A 20-year veteran of her field, Landau had seen a variety of drug shortages come and go during her career, but nothing of this magnitude, and never with such little warning: “Suddenly, we’re being told this one drug—the one we’ve been using for decades, that we know best how to give, how fast it kicks in, we can do it with our eyes shut—suddenly, we’re being told we won’t have that drug.” Within days, anesthesiologists at hospitals across North America were conferring about the same problem over social media; many were throwing out short-term fixes that were risky in their own right—putting delivering mothers under general anesthesia, for example. Landau thought the field had moved past such practices decades ago.
Such shortages may seem unfathomable in America where, when it comes to health care, we seemingly spare no expense—shelling out $3.3 trillion in 2016—and muse about the promising future of precision medicine. But even in our staggeringly costly and ambitious health care system, the bupivacaine shortage is not an outlier. Rather, it’s the new norm. Increasingly, the low-cost essential medicines that we’ve used for years—a category known as generic sterile injectable drugs, considered the “bread and butter” of hospital care—are in short supply.

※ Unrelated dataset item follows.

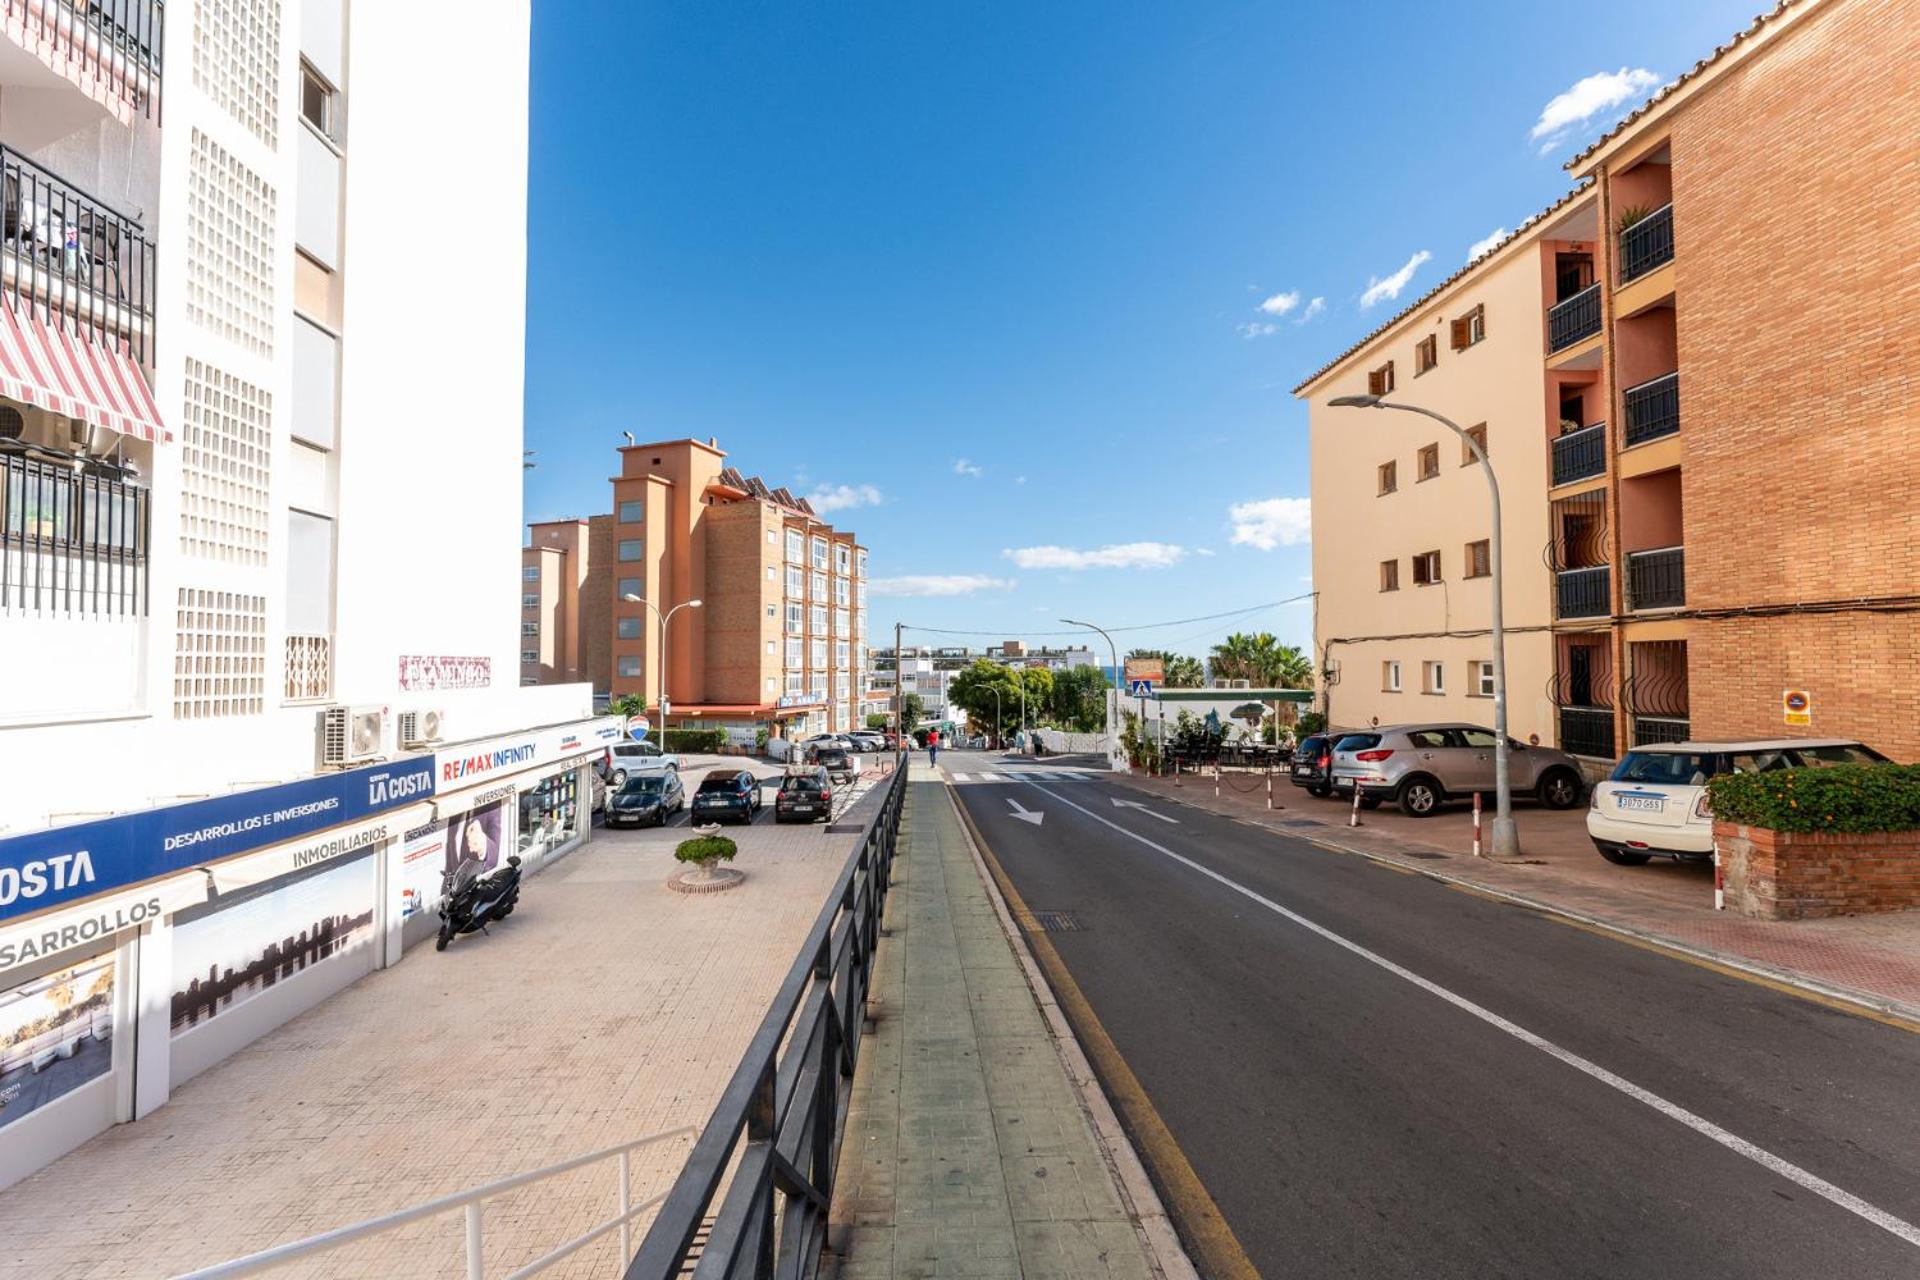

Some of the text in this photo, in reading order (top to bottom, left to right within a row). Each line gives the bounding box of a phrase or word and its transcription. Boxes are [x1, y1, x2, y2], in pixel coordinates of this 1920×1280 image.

As of last count, there were 202 medicines on the drug shortage list. They include a bafflingly wide array of medical staples such as epinephrine, morphine, and sterile water. Already in short supply, the nation’s stocks of saline—the saltwater solution used to administer other drugs through IV lines—fell perilously low after Hurricane Maria crippled its main manufacturer’s ability to get product and empty bags out of Puerto Rico. Sodium bicarbonate, another indispensable product—essentially baking soda in solution—that is used in heart surgeries and for kidney-failure patients, was likewise in critical shortage last summer. (Australian imports have helped, but the product remains on the shortage list today.) This year hospitals are struggling to get injectable opiates, which hospitals and hospices use to manage the pain of serious injury, surgery, and terminal disease.
In Ohio, at Dayton’s Miami Valley Hospital, a top-tier trauma center, ER nurses can’t get their hands on medicines they’ve used for years. They’re short of ondansetron, a first-line anti-nausea medication, for which they’ve had to substitute another drug that can cause side effects and irritate some patients’ veins. There isn’t any diltiazem, a one-time staple to treat rapid heart rate. (The drug doctors now use instead—metoprolol—isn’t safe for some people.)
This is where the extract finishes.